WHAT YOU NEED TO DO |
Write the data below out again, unchanged.

Saved entries:
☆ ☆ ☆ ☆
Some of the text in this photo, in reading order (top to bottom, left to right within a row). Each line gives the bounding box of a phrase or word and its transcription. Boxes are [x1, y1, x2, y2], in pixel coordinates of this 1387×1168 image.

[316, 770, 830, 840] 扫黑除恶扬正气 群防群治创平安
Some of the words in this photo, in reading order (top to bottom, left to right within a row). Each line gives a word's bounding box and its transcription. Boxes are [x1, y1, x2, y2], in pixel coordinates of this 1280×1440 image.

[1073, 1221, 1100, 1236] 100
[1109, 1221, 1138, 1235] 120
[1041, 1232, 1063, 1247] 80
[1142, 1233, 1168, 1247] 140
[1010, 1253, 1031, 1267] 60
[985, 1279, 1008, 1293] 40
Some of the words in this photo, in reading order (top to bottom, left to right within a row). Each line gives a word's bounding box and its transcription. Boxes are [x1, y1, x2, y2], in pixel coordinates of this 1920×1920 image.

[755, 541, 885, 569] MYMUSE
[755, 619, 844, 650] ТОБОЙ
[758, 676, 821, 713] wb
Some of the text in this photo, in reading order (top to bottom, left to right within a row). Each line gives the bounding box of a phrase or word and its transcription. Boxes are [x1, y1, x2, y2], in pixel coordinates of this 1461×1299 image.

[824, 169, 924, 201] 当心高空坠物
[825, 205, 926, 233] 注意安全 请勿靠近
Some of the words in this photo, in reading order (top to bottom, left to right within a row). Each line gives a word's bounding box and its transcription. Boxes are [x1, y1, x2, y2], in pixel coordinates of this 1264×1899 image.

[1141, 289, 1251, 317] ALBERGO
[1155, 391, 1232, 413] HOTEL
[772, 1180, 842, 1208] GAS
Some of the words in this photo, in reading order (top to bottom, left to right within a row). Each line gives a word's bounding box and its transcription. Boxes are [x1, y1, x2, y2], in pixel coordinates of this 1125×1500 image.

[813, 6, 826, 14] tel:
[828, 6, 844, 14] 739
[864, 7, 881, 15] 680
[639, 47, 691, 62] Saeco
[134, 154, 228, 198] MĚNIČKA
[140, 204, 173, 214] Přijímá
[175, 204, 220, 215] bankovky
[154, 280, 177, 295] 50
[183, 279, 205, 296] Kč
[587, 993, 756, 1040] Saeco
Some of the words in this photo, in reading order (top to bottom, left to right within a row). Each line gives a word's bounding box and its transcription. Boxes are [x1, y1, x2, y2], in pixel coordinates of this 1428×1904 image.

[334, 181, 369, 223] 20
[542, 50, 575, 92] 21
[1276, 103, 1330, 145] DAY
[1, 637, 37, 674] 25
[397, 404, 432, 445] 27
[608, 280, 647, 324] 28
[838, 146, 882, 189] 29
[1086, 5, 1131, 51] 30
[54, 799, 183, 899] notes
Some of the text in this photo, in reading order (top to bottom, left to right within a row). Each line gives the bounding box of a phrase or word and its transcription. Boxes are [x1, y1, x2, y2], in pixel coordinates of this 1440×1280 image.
☆ ☆ ☆ ☆
SOLUTION TO THIS TASK |
Some of the text in this photo, in reading order (top to bottom, left to right within a row). Each line gives the bounding box of a phrase or word and its transcription. Boxes are [x1, y1, x2, y2], in pixel coordinates of this 1387×1168 image.

[316, 770, 830, 840] 扫黑除恶扬正气 群防群治创平安
Some of the words in this photo, in reading order (top to bottom, left to right within a row). Each line gives a word's bounding box and its transcription. Boxes are [x1, y1, x2, y2], in pixel coordinates of this 1280×1440 image.

[1073, 1221, 1100, 1236] 100
[1109, 1221, 1138, 1235] 120
[1041, 1232, 1063, 1247] 80
[1142, 1233, 1168, 1247] 140
[1010, 1253, 1031, 1267] 60
[985, 1279, 1008, 1293] 40
Some of the words in this photo, in reading order (top to bottom, left to right within a row). Each line gives a word's bounding box and its transcription. Boxes are [x1, y1, x2, y2], in pixel coordinates of this 1920×1920 image.

[755, 541, 885, 569] MYMUSE
[755, 619, 844, 650] ТОБОЙ
[758, 676, 821, 713] wb
Some of the text in this photo, in reading order (top to bottom, left to right within a row). Each line gives the bounding box of a phrase or word and its transcription. Boxes are [x1, y1, x2, y2], in pixel coordinates of this 1461×1299 image.

[824, 169, 924, 201] 当心高空坠物
[825, 205, 926, 233] 注意安全 请勿靠近
Some of the words in this photo, in reading order (top to bottom, left to right within a row). Each line gives a word's bounding box and its transcription. Boxes are [x1, y1, x2, y2], in pixel coordinates of this 1264×1899 image.

[1141, 289, 1251, 317] ALBERGO
[1155, 391, 1232, 413] HOTEL
[772, 1180, 842, 1208] GAS
Some of the words in this photo, in reading order (top to bottom, left to right within a row). Each line gives a word's bounding box and its transcription. Boxes are [x1, y1, x2, y2], in pixel coordinates of this 1125×1500 image.

[813, 6, 826, 14] tel:
[828, 6, 844, 14] 739
[864, 7, 881, 15] 680
[639, 47, 691, 62] Saeco
[134, 154, 228, 198] MĚNIČKA
[140, 204, 173, 214] Přijímá
[175, 204, 220, 215] bankovky
[154, 280, 177, 295] 50
[183, 279, 205, 296] Kč
[587, 993, 756, 1040] Saeco
Some of the words in this photo, in reading order (top to bottom, left to right within a row). Each line gives a word's bounding box and its transcription. Boxes are [x1, y1, x2, y2], in pixel coordinates of this 1428×1904 image.

[334, 181, 369, 223] 20
[542, 50, 575, 92] 21
[1276, 103, 1330, 145] DAY
[1, 637, 37, 674] 25
[397, 404, 432, 445] 27
[608, 280, 647, 324] 28
[838, 146, 882, 189] 29
[1086, 5, 1131, 51] 30
[54, 799, 183, 899] notes
Some of the text in this photo, in reading order (top to bottom, left to right within a row). Each line gives the bounding box of a phrase or word and its transcription. Boxes are [x1, y1, x2, y2], in pixel coordinates of this 1440×1280 image.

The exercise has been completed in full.